American actor (born 1970)

Alejandro Alcondez (born August 3, 1970) Is a Mexican/American Actor, Filmmaker, Film Director, Film Producer and Screenwriter. Born in Jalisco, Mexico, Alcondez moved to Hollywood, California in the early 1990s. His acting career began in theater production plays, he then moved on to produce and write his own Mexican films Impacto de Muerte, Furia Salvaje and El Bronko Negro, which were distributed by his company Producciones Alejandro Alcondez.

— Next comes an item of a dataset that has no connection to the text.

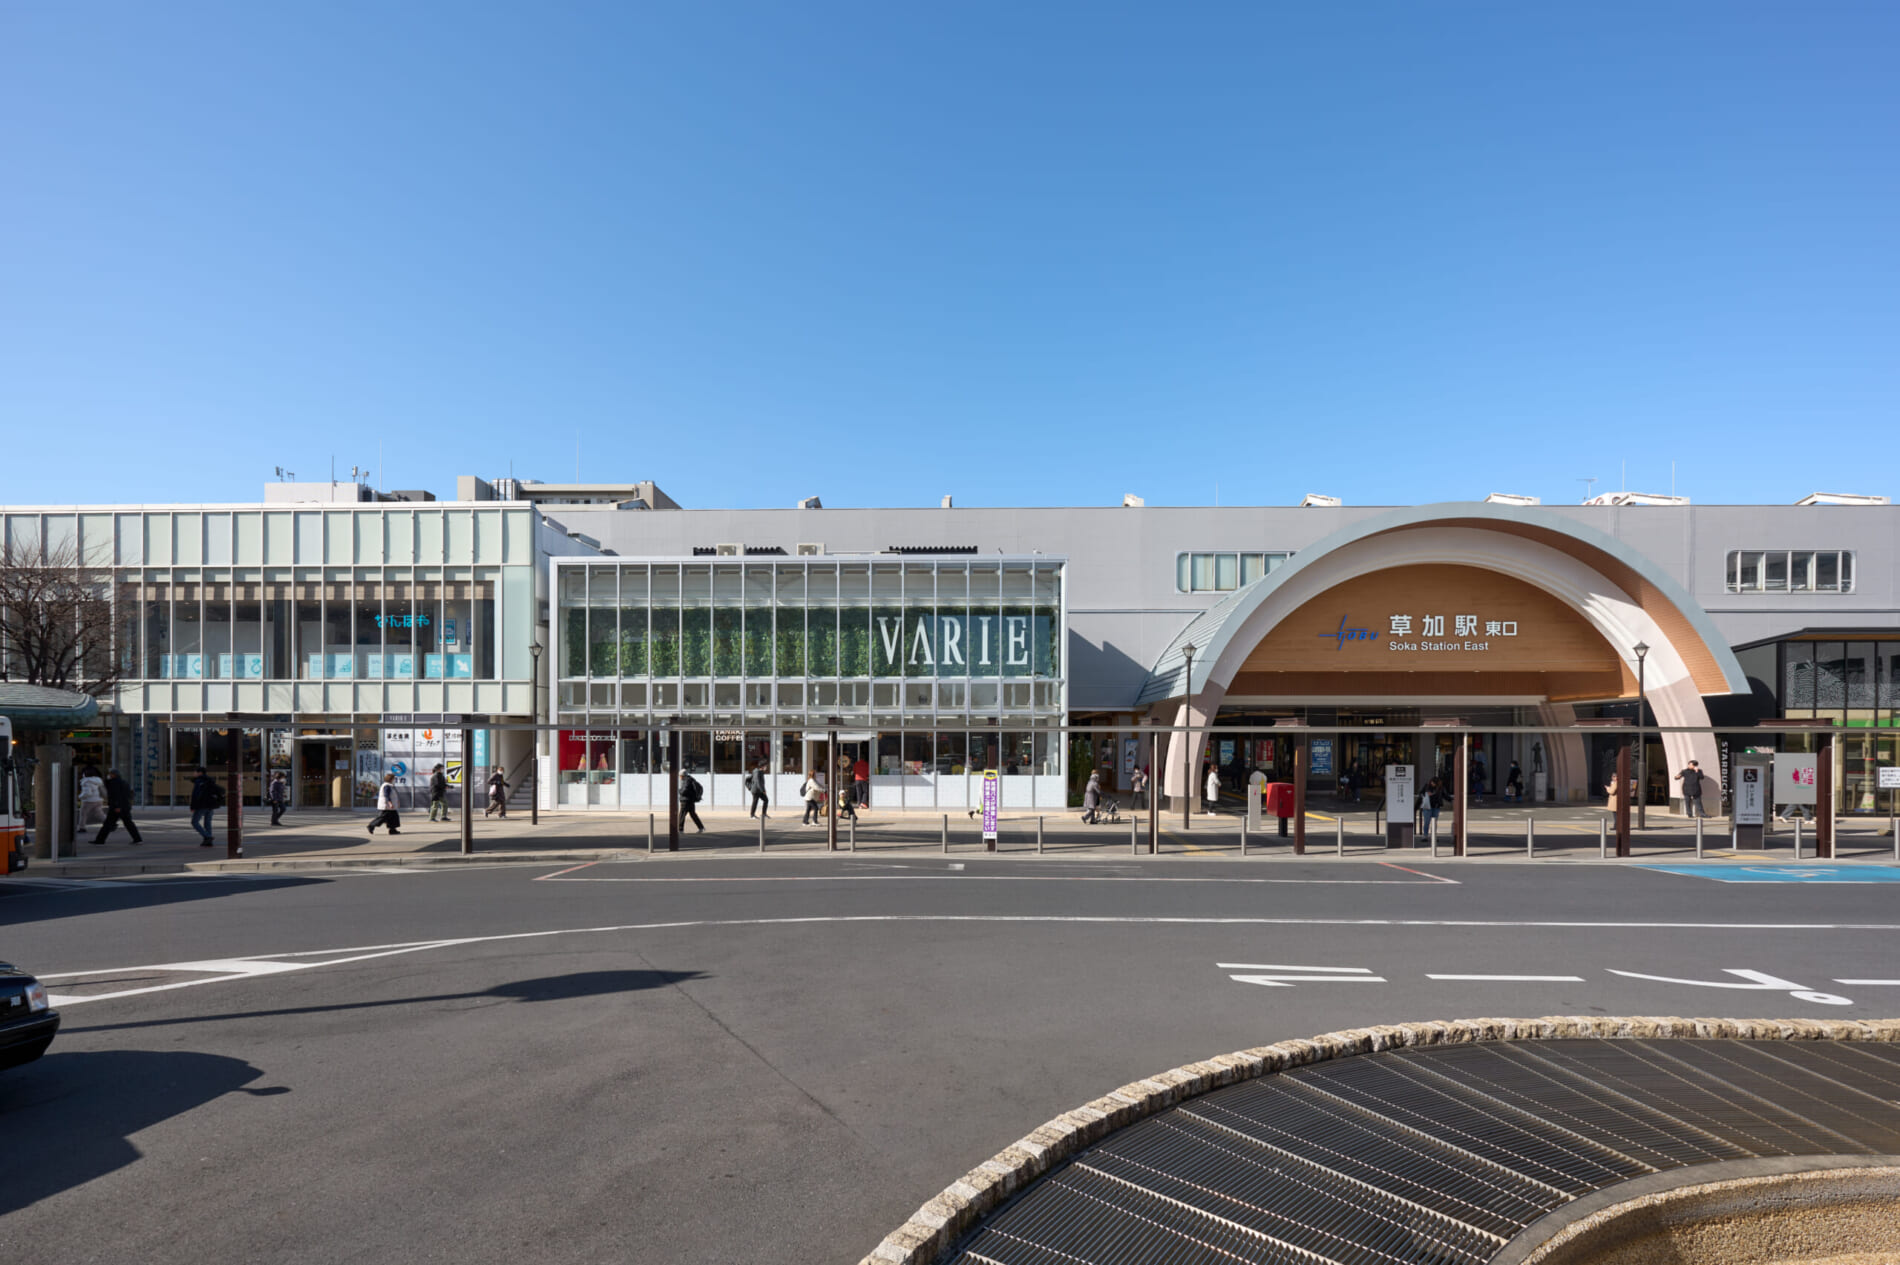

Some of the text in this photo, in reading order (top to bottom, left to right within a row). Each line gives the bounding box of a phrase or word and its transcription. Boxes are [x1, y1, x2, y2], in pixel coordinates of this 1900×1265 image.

His most recent American film "Cielito Lindo" Beautiful Heaven (produced, written and directed by Alejandro Alcondez) was written especially for Alcondez where he plays the lead role of Pablo Pastor. This film was released by his own production and distribution company Alejandro Alcondez Pictures

==Biography==

===Career in Mexico===

Alejandro Alcondez founded Producciones Alejandro Alcondez and decided to produce his first film. Alejandro called upon Mexican actor Mario Almada (actor) he produced the film he also wrote the story and had a lead part alongside Mario Almada. The film was directed by Alberto Mariscal.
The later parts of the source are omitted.